Dickinson was a prolific portraitist; among the artists whose portraits he showed at the Academy are Paul Arndt, Robert Aitken, Louis Bosa, Eugene Higgins, Hobart Nichols, Raphael Soyer, and his second cousin Edwin Dickinson. He also produced notable portraits of members of the Rockefeller family, the official mayoral portrait of Fiorello LaGuardia, and Governor Thomas E. Kilby of Alabama.
A self-portrait by Dickinson is part of the National Academy's permanent collection, along with portraits of Mary Gray, George Wharton Edwards, Harry Wilson Watrous, Georg J. Lober, Frederick K. Detwiller, Donald De Lue, Ernest Nathaniel Townsend, John Wesley Carroll, Theodore E. Blake, Otto R. Eggers, Robert S. Hutchins, Bryant Baker, and Edgar I. Williams.

Other works by Dickinson are held in the collections of the Figge Art Museum, Harvard University, Princeton University, the United States Department of State, and the University of Iowa. Dickinson also painted many figurative works throughout his career; a number of these were born of his experiences in Alabama, and are owned by the Greenville County Museum of Art in South Carolina.

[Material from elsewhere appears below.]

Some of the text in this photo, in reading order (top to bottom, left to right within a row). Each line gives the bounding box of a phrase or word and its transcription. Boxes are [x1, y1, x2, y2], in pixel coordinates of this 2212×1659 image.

He was noted for working in wet-on-wet style, and composed many of his works directly in the studio, often completing a portrait during a single three- or four-hour sitting. Dickinson kept a studio in Carnegie Hall until retiring to Windsor, Vermont, where he would die on April 11, 1980.

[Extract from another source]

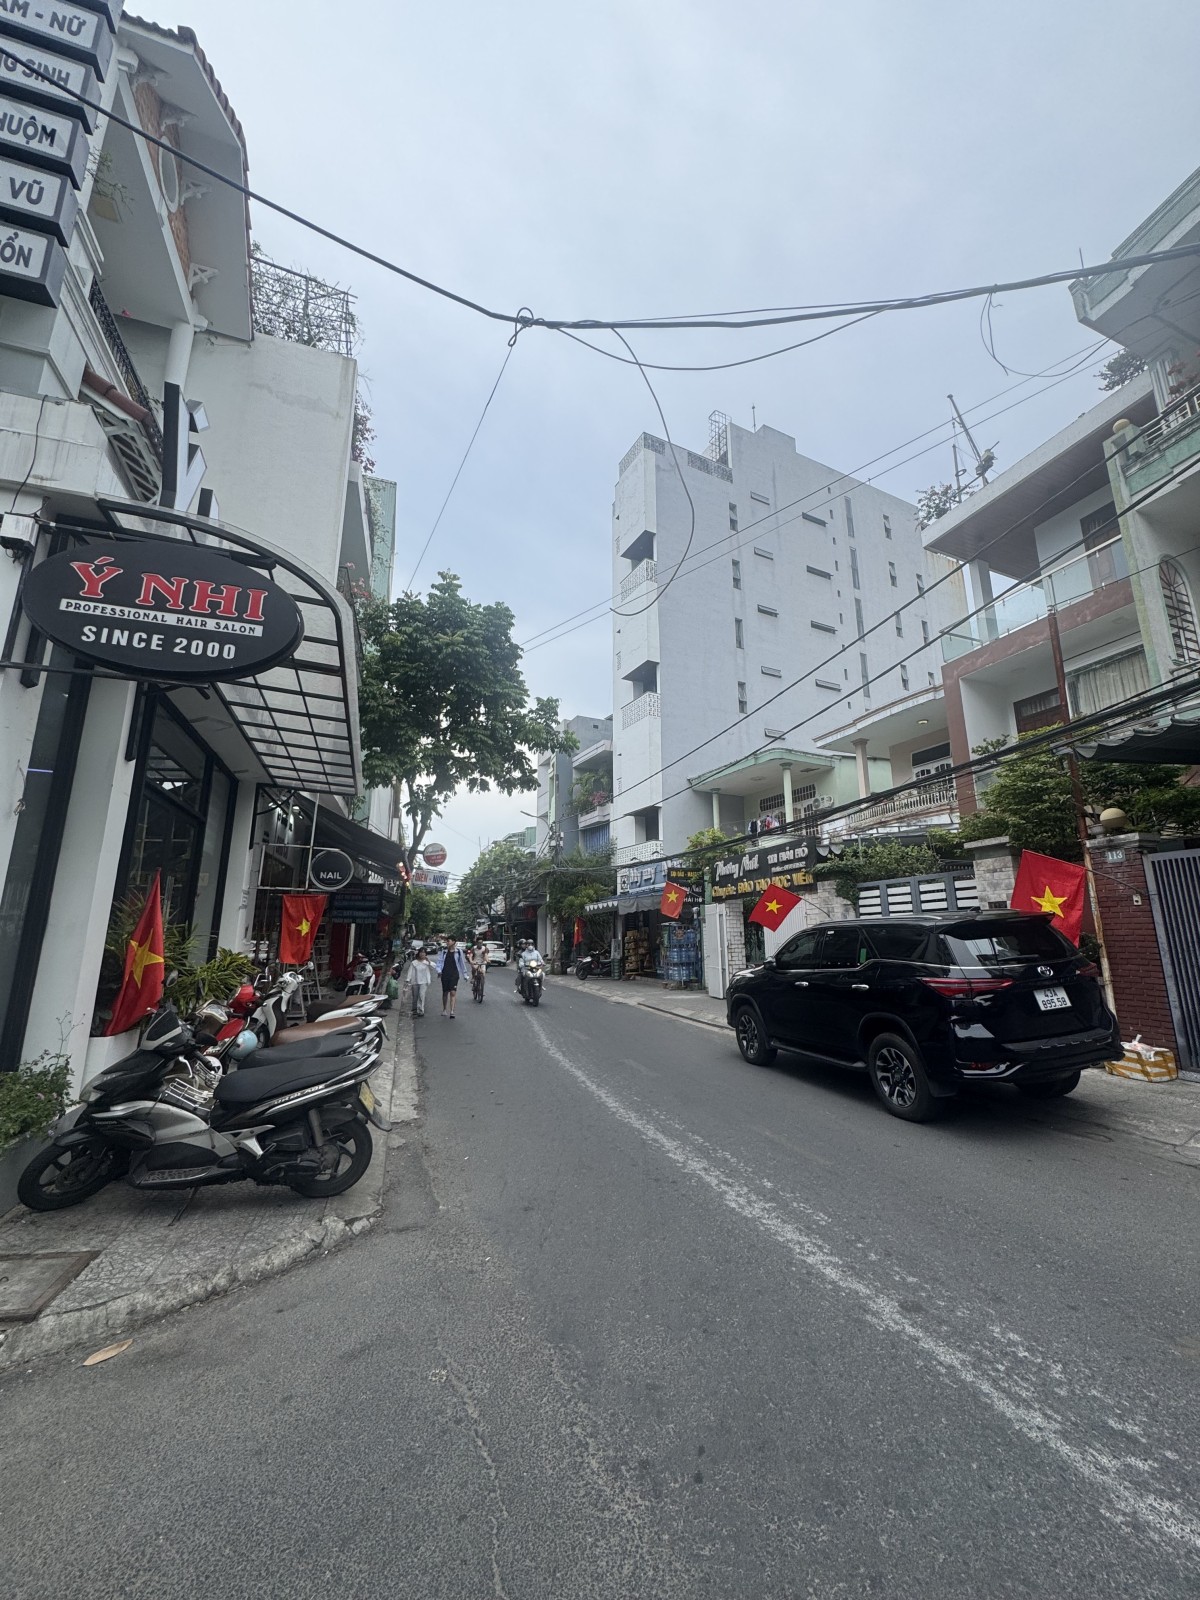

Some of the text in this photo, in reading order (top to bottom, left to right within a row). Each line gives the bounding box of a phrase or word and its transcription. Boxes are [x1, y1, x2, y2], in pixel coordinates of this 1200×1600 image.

His children were wildlife biologist Nate Dickinson and mechanical engineer Thorn Watson Dickinson. Dickinson's grandson Charles Dickinson is also a painter.

==Lee Portrait==
Dickinson painted a 69x47" portrait of General Robert E. Lee in 1951. It is owned by the United States Military Academy. The painting depicts Lee in his grey uniform with gold piping as a general of the Confederate army. In the background, a Black man leads a horse that likely belongs to Lee. On January 19, 1952, the portrait was unveiled in the Main Room of the West Point Library.

The Academy had pointedly refused to display Lee in his rebel's uniform. The United Daughters of the Confederacy first suggested a rebel portrait of Lee in 1930. West Point compromised by accepting a portrait of him in the blue uniform he wore as Superintendent of the academy. For the academy's sesquicentennial, Gordon Gray proposed the idea of a portrait that featured Lee at the height of his fame. He led the committee which selected Dickinson as the artist. The installation of a painting featuring an insurrectionist's garb was meant to "symbolize the end of sectional differences in our country". It was displayed opposite an 1866 portrait of Ulysses S. Grant.

In 2021, the United States Congress created a Naming Commission in its annual budget for the Department of Defense. Its job was to create a list of military assets associated with the Confederate States of America and recommendations for their removal. Because Lee was "responsible for the deaths of more United States soldiers than practically any other enemy in our nation's history", the commission unanimously recommended his portrait be removed or relocated from the library. In December 2022, West Point started removing Confederate symbols, including Lee's portrait which was placed in storage. In August 2025, the Department of Defense announced its intention to display Dickinson's portrait again, in defiance of the law.